To conclude: for most use cases, I think it is better off to just use the package bundlers, like webpack, to bundle your package if you need to deploy it as a standalone unit for testing or production use. IMHO, it probably doesn't make sense for yarn to venture into this area. @evocateur, lerna owner, stated similar opinion. As this simple experiment showed that module resolution is hardly the only thing needed to be done in deploying individual, self-sufficient packages... It is best to leave the bundling to the bundler...

bryanlarsen commented 6 years ago

@connectdotz,

So what we're basically doing right now is (basically) shipping the whole monorepo and it's deps for every component. That docker image is now 6GB. :) It's sort of like deploying your primary container. It works, but eventually it won't scale.

We're now almost completely switched over to node 8.5+ with --experimental-modules, which means no more transpiling. Yay! I'd need a damn good reason to bring it back.

The other big problem is code sharing with clients. Each client directory is a git subrepo inside of our monorepo. So far we've only had one customer who actually tried building the code, but it should be theoretically possible for all of them.

inversion commented 6 years ago

We're also following @bryanlarsen 's approach - several of our dependencies don't work with webpack (due to dynamic imports which can't be resolved at build time and/or legacy structuring) and we'd like to avoid transpilation on the server.

What would be ideal for us would be the ability to find out which dependencies are needed for a particular workspace package . Currently yarn list just returns all the dependencies for the whole monorepo even if run from a workspace package directory (#5174). Given that information we could deploy the monorepo structure, but with any unneeded dependencies (including packages) pruned out.

connectdotz commented 6 years ago

@bryanlarsen, if your monorepo is too big and you only need a single package anyway, why not just bundle that package then deploy it to docker, similar to publish only a single package? you can certainly run webpack without transpiler. Did I miss something?

@inversion, your issue seems to be with webpack, you might be better off to resolve that, or explore deploying full repo, private registry, among others... even if you can get a flat package node_modules like you have suggested, keep in mind that it will contain all modules: used, unused, devDependencies etc. If you already worry about the repo being too big (I assume you do otherwise why not just take the whole repo to docker), wouldn't you want to only include the ones that actually used at runtime? How about minification, that could save your footprint by half sometimes... Optimization like these, among others, is what a good bundler aims to offer, where I don't see yarn will ever venture into.

Hopefully, we all realized by now that a flat module tree is probably not the only challenge for these use cases. Not that I think webpack is the perfect solution, but it does offer useful features you would need, with a fraction of the time, thus you should maybe consider it as a preferred option.

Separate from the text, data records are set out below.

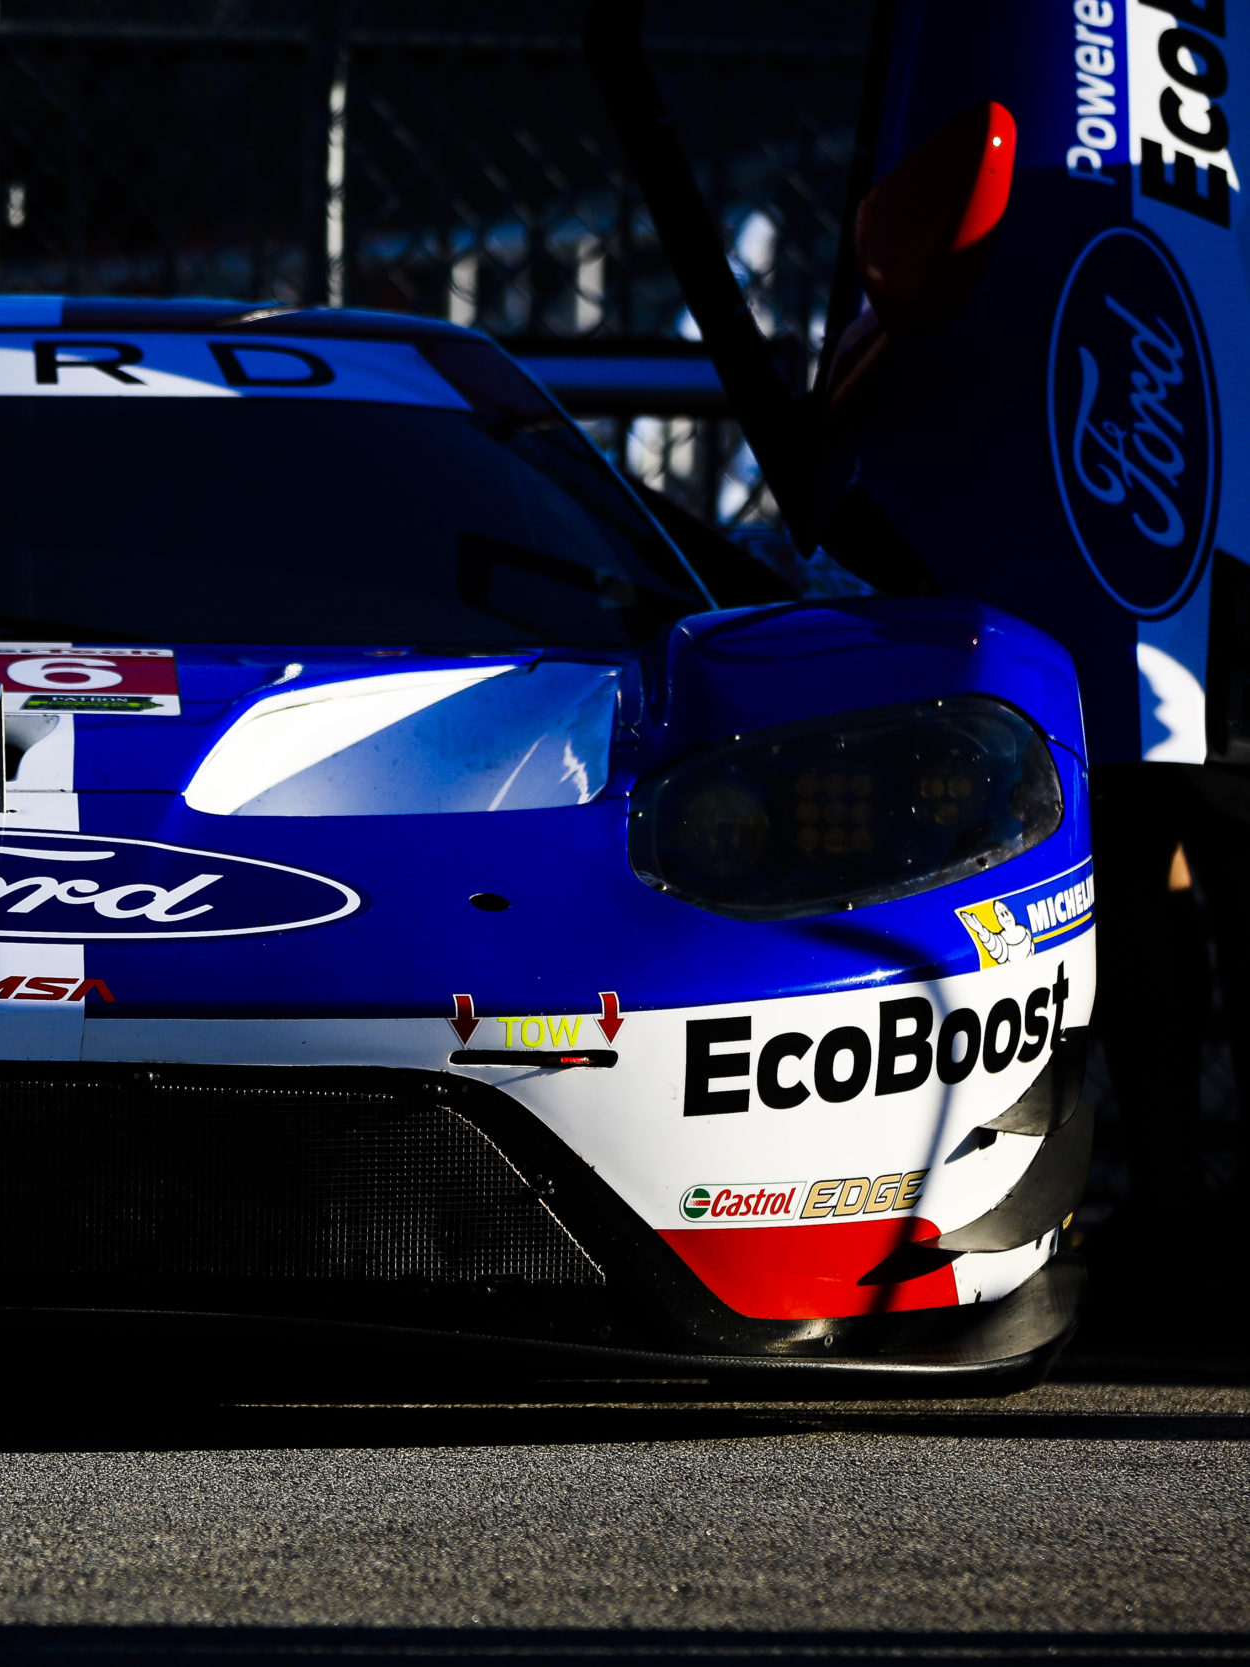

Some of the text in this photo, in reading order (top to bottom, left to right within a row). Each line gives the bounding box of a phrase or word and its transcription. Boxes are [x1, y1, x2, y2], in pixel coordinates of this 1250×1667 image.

[1072, 294, 1186, 549] Ford
[497, 1017, 583, 1047] TOW
[683, 961, 1070, 1117] EcoBoost
[711, 1168, 932, 1219] Castrol EDGE
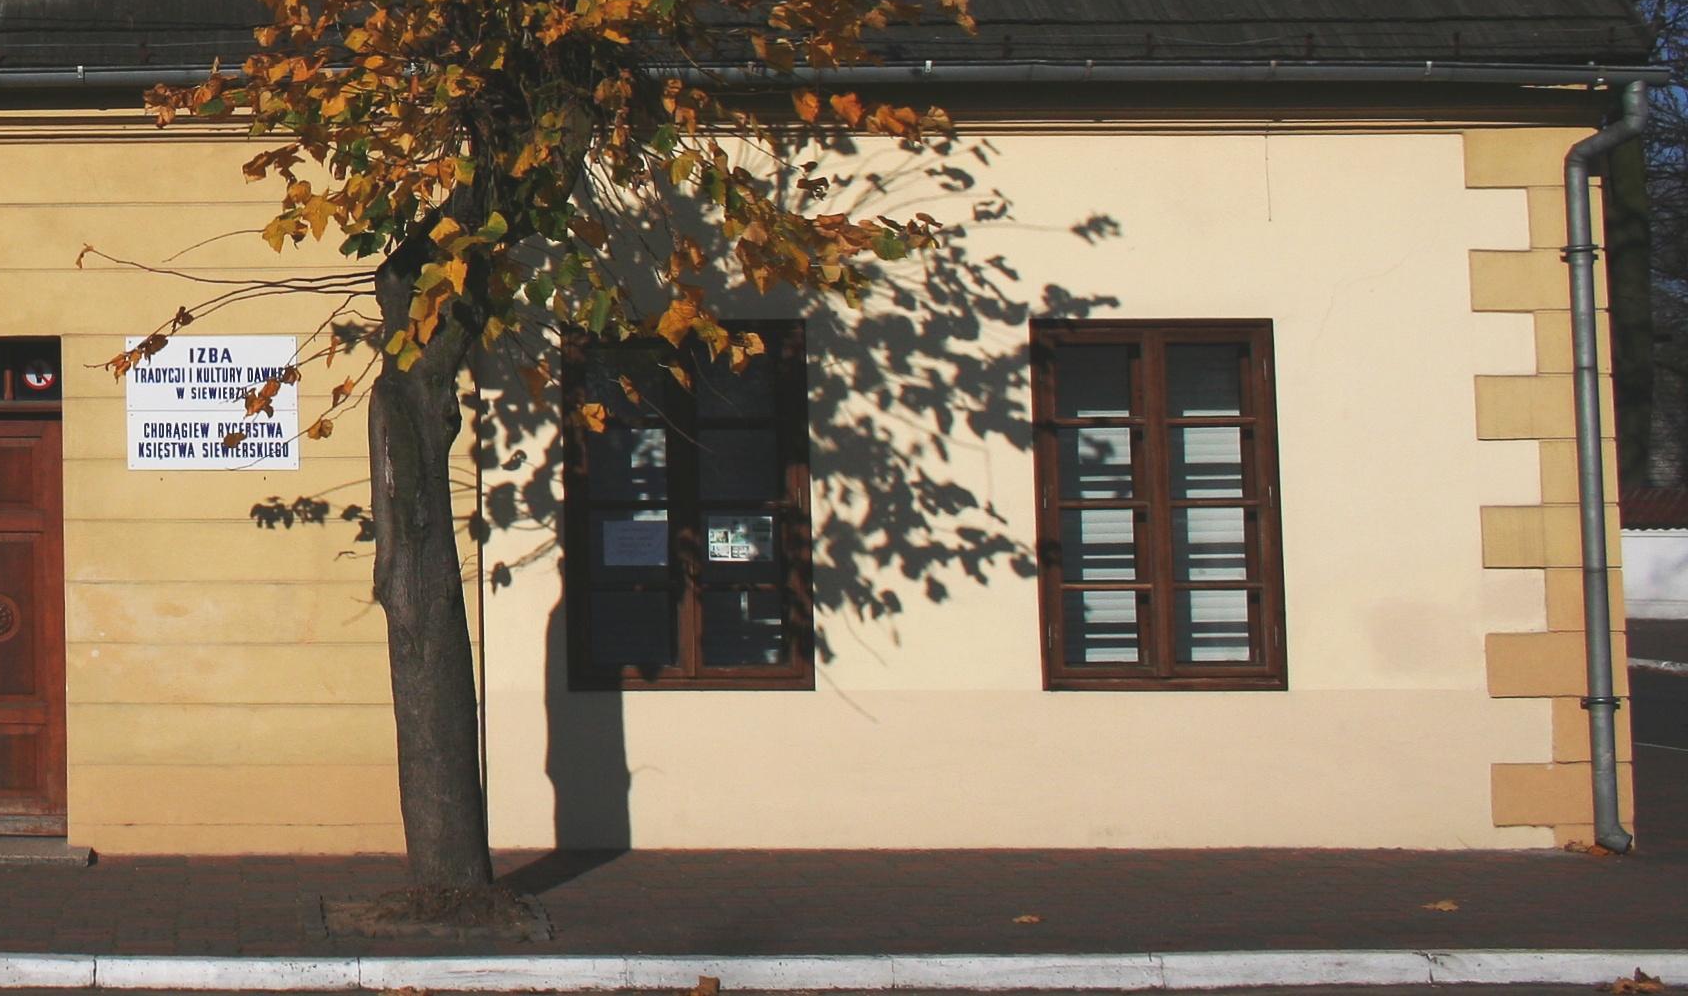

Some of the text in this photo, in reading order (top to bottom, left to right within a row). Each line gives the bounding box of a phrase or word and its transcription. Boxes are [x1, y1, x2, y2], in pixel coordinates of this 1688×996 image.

[189, 347, 233, 363] IZBA
[134, 367, 186, 383] TRADYCJI
[188, 367, 193, 383] I
[196, 367, 242, 383] KULTURY
[176, 387, 185, 399] W
[143, 422, 210, 441] CHORĄGIEW
[138, 442, 289, 460] KSIĘSTWA SIEWIERSKIEGO

Having said that, I understand we all sometimes have to work around problems, even with less than ideal solutions... While nohoist is not designed to solve publish/deploy, you can indeed use it to stop hoisting the whole package if you so desire:

// in root package.json

"workspaces": {
    "packages": ["packages/*"],
    "nohoist": ["w2/**"]
  }

This will put every dependency of w2 in w2/node_modules. Note, it will not generate package-level yarn.lock, and the linked modules/packages (such as w1, utils) will remain to be symlinks under w2/node_modules. Good luck.

netanelgilad commented 6 years ago

@connectdotz So here is my concern with bundling as a solution. Let's say in your example project that w1 is a node module that has some data file as part of the package, that is read using fs.readFile. Now when that module is installed as a regular file, the data file is installed along with the package, and the package can depend on the file being there when it does something like fs.readFile(path.resolve(__dirname, "./data.file")). But once w2 is bundling w1 along with it, with webpack for example, it would bundle only the source files, missing the data file. Now it becomes a concern of w1 to know that it may be consumed through a bundler and change it's behavior accordingly, or a concern of w2 to know how to properly bundle w1.

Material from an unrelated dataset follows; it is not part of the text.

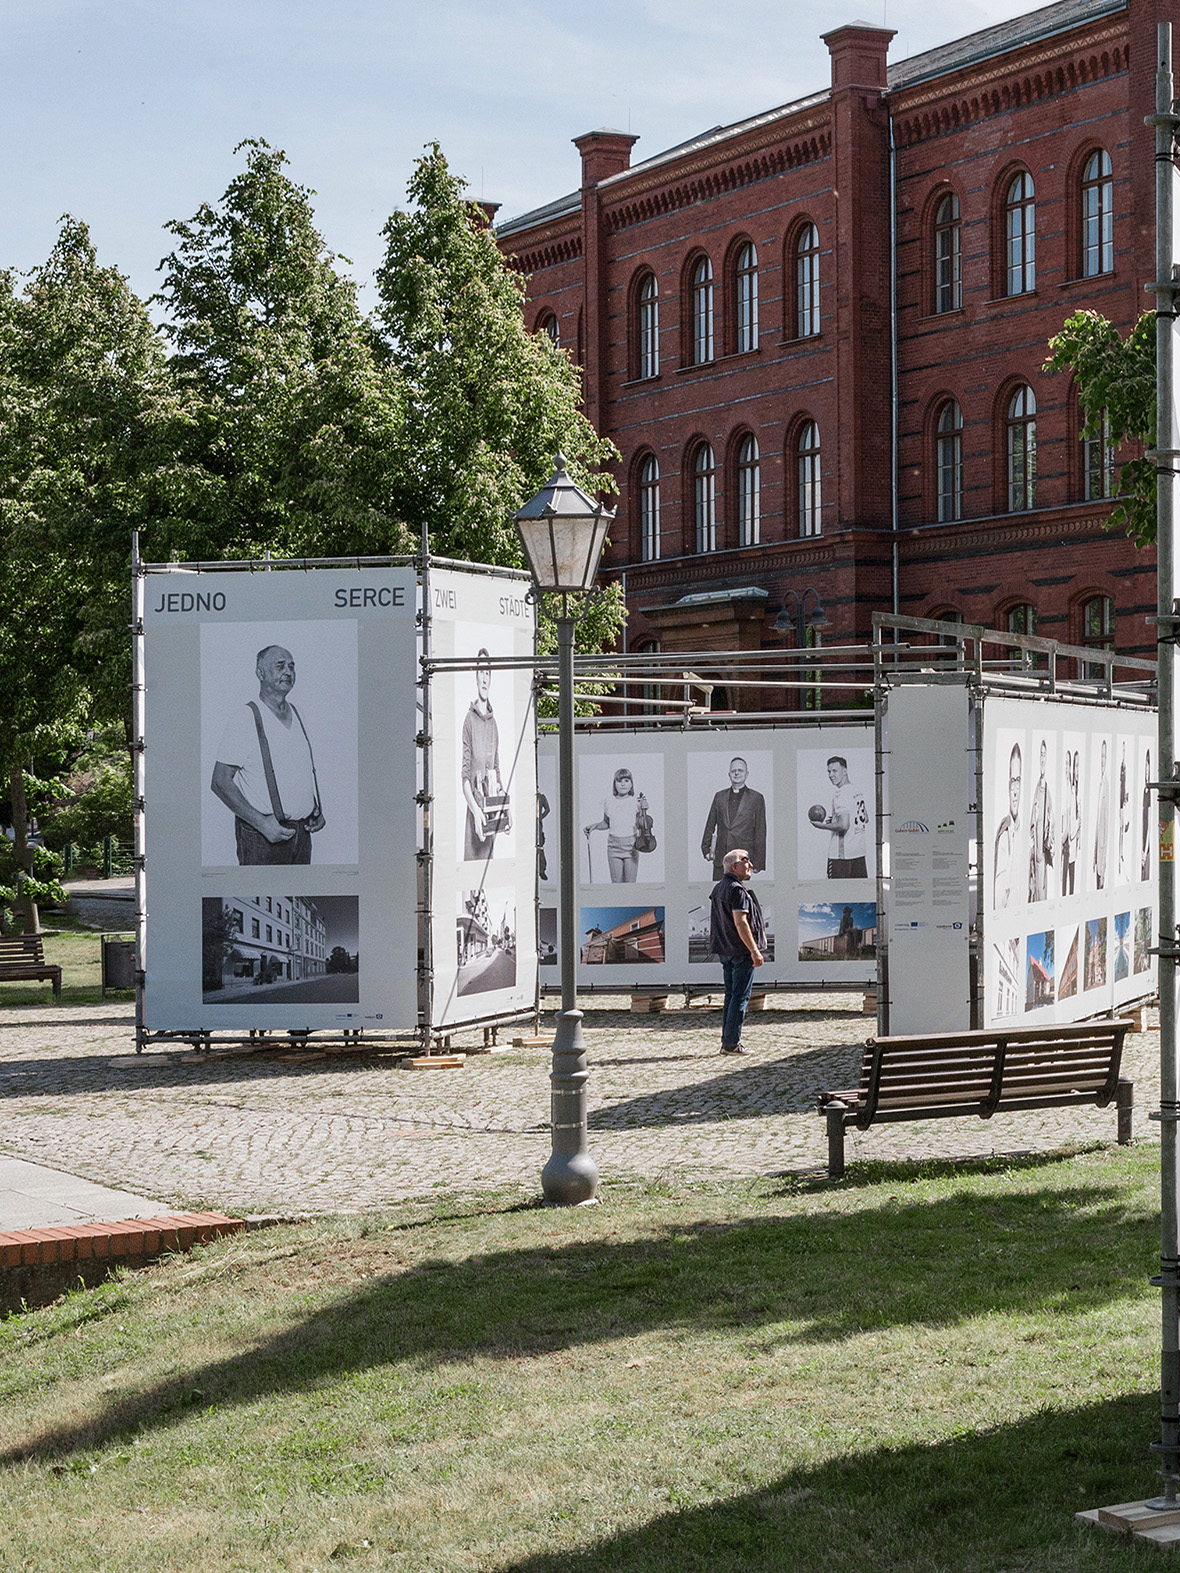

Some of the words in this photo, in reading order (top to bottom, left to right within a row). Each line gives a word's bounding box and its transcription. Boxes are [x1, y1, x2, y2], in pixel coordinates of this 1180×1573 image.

[154, 591, 226, 612] JEDNO
[334, 586, 406, 607] SERCE
[434, 588, 457, 609] ZWEI
[499, 594, 530, 618] STÄDTE

I know this example may be contrived a bit, but it feels like a smell to me. I want w1 to work as a library without knowing that it's part of a bigger monorepo, and I want w2 to work like a microservice node package without knowing it's part of a bigger monorepo. And I want to use the workspaces feature to easily develop them along side each other without having to yarn link on every developer machine, etc...

Am I making sense? 🤔

tamagokun commented 6 years ago

I've managed to hack together a tool that fulfills my needs. It uses npm-remote-ls to resolve dependencies, which isn't great, but it works for me, so I thought i'd publish it for others to use:

https://github.com/ripeworks/workspace-pack

You specify the name of the folder of your local package, it will resolve all the local and remote deps, then jam it all into a .zip file for you.

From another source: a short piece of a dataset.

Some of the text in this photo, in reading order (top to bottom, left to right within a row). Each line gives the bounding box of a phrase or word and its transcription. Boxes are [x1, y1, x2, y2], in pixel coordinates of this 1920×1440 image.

Maybe this can become a thing? Oh, also, you'll probably need a recent node.js version to run it, since i'm not transpiling it (yet)

connectdotz commented 6 years ago

I know this example may be contrived a bit, but it feels like a smell to me. I want w1 to work as a library without knowing that it's part of a bigger monorepo, and I want w2 to work like a microservice node package without knowing it's part of a bigger monorepo.

@netanelgilad yes you are absolutely right. Having non-code assets in a js library is a well-known portability killer, with or without workspaces. That's why it is an anti-pattern that one should try to avoid. If this is really your use case, maybe consider fixing you asset access first; or maybe you just want to point out sometimes there are issues with bundling, which I completely agree, but that doesn't necessarily mean that yarn should just step in and fix them...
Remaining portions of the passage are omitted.